End-member models of the Cenozoic collision of India with Asia (continuum crustal thickening vs. extrusion of crustal blocks) make specific predictions about the rates, kinematics, and spatial extent of structures in and around the Tibetan Plateau. The Altyn Tagh fault, an active greater than 1600 kilometer long left-lateral structure that marks the northern margin of the Tibetan Plateau, plays key, yet different roles in these models. Continuum thickening models predict slow rates of slip on the ATF and require that all displacement on the ATF (approximately 375 kilometers), is accommodated by crustal shortening in the Qilian Shan and Qaidam basin. Extrusion models predict high rates of slip on the ATF and require it to continue beyond the plateau or transfer its slip to other structures.
Recent studies of Cenozoic sedimentary basins along the central-eastern ATF have demonstrated two phases of motion: first, Late Oligocene-Early Miocene large magnitude (approximately 310 kilometers) and high rates of slip on the central-eastern segment of the fault and second, limited mid-Miocene-Recent slip ( approximately 65 kilometers) and lower rates . These results suggest that the Altyn Tagh fault accommodated plate-like lateral extrusion in the Oligocene-Early Miocene, and that the mode of deformation changed to distributed shortening and thickening in the mid-Miocene. However, the inferred earlier phase of Oligocene-Early Miocene lateral extrusion requires that slip be transferred from the ATF beyond the NE Tibetan Plateau, but studies of known candidate structures have failed to identify any with the appropriate slip magnitude or timing. The hypothesis being tested is that Oligocene-Early Miocene eastward lateral extrusion of Tibet along the ATF was accommodated by left-lateral faults in the Alxa region, northeast of Tibet, which subsequently became inactive in the mid-Miocene.
Candidate structures have been mapped in the Alxa region and are left-lateral faults that cut Cretaceous strata. Fieldwork in the Alxa region includes geological mapping, kinematic analysis of these major faults, and basin analysis to determining the distribution and structural geometry of the fault systems. Combining the techniques above with provenance analysis, documentation of cross-cutting and overlapping relationships with Cretaceous-Cenozoic sedimentary deposits, and paleomagnetic determinations of declination anomalies in Cretaceous-Cenozoic rocks provides detailed slip histories and differential vertical axis rotations for each of these structures.

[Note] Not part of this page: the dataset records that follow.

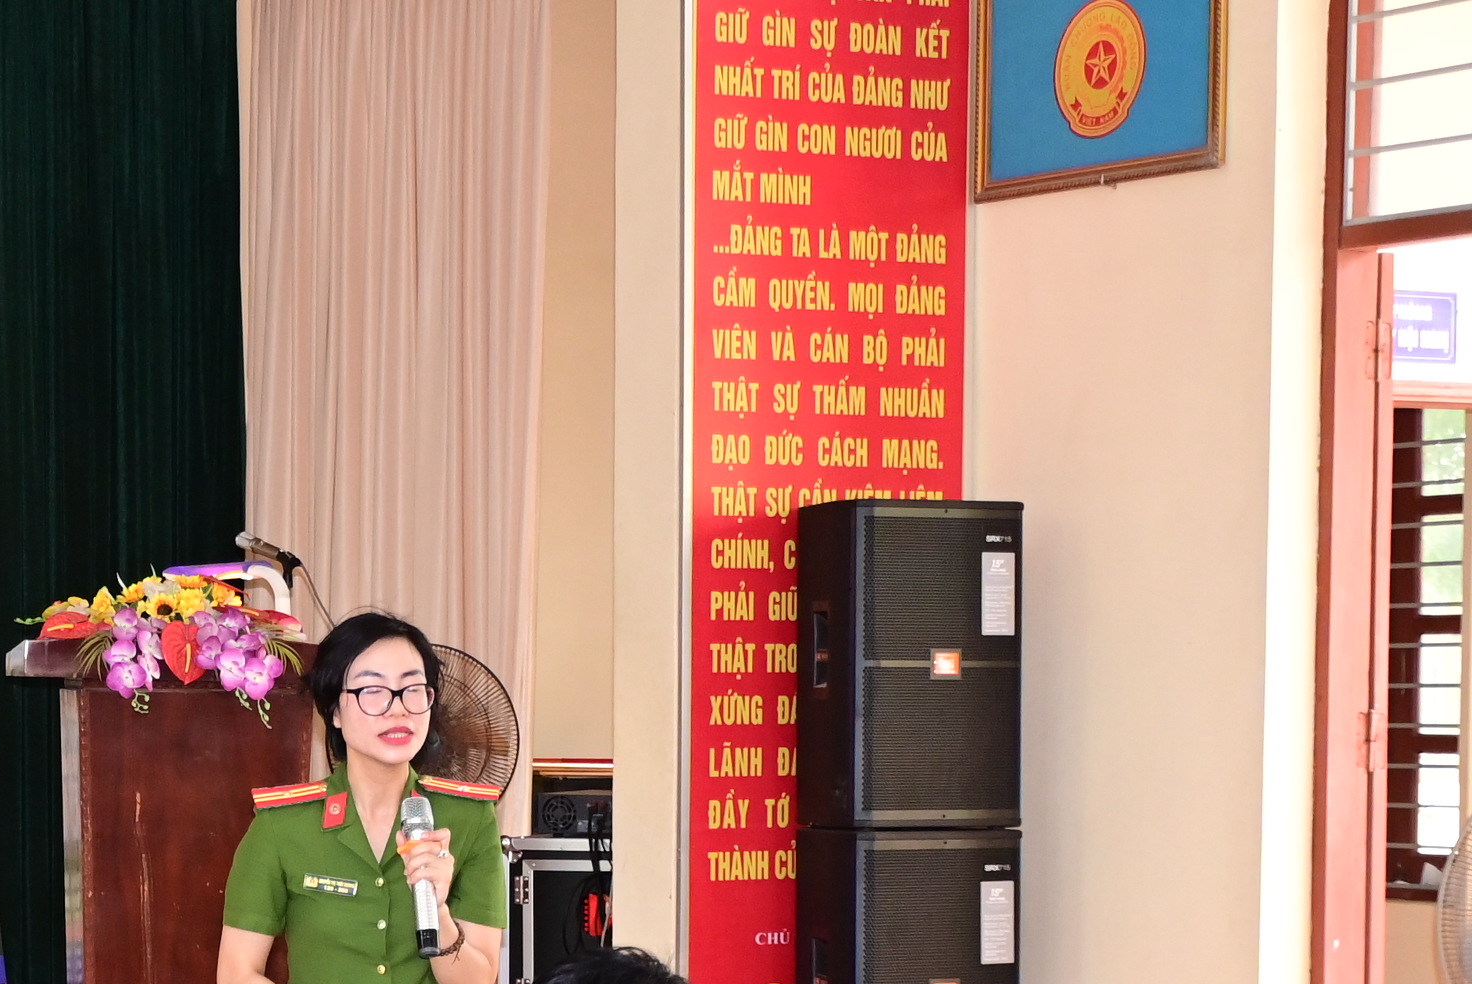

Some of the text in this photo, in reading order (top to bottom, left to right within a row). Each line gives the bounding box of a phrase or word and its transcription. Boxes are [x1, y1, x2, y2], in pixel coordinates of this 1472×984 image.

[715, 7, 950, 59] GIỮ GÌN SỰ ĐOÀN KẾT
[714, 56, 951, 111] NHẤT TRÍ CỦA ĐẢNG NHƯ
[713, 116, 948, 163] GIỮ GÌN CON NGƯƠI CỦA
[712, 161, 811, 206] MẮT MÌNH
[790, 227, 811, 258] TA
[818, 222, 842, 260] LÀ
[848, 225, 889, 267] MỘT
[895, 224, 947, 265] ĐẢNG
[712, 264, 946, 318] CẦM QUYỀN. MỌI ĐẢNG
[712, 323, 946, 373] VIÊN VÀ CÁN BỘ PHẢI
[711, 373, 945, 421] THẬT SỰ THẤM NHUẦN
[711, 424, 944, 476] ĐẠO ĐỨC CÁCH MẠNG.
[711, 480, 793, 525] THẬT SỰ
[711, 533, 774, 573] CHÍNH,
[710, 581, 754, 622] PHẢI
[709, 637, 756, 680] THẬT
[709, 689, 763, 726] XỨNG
[709, 741, 763, 778] LÃNH
[708, 788, 790, 829] ĐẦY TỚ
[708, 840, 797, 881] THÀNH CỦ
[755, 928, 791, 945] CHỦ

The final results of this research will advance understanding of how the Himalayan-Tibetan mountain belt evolved and how collision between India and Eurasia was accommodated. As a prominent natural laboratory, this region is critical for studying the first order processes that control how continents deform, and thus how mountain belts evolve through time. These processes of continental deformation and mountain uplift are in turn important, because they influence regional and global climate, distribution of natural resources, and influence a wide range of other Earth System processes. In addition to the scientific objectives of this research, the project is supporting graduate and undergraduate student training at Louisiana State University, the University of Indiana, and the University of California, Santa Cruz and will provide international research experiences for these students. The research also involves collaboration between U.S. researchers and their counterparts in China. Funding for the Indiana University part of the collaboration is provided by the NSF Tectonics Progran and the NSF Office of International Science and Engineering.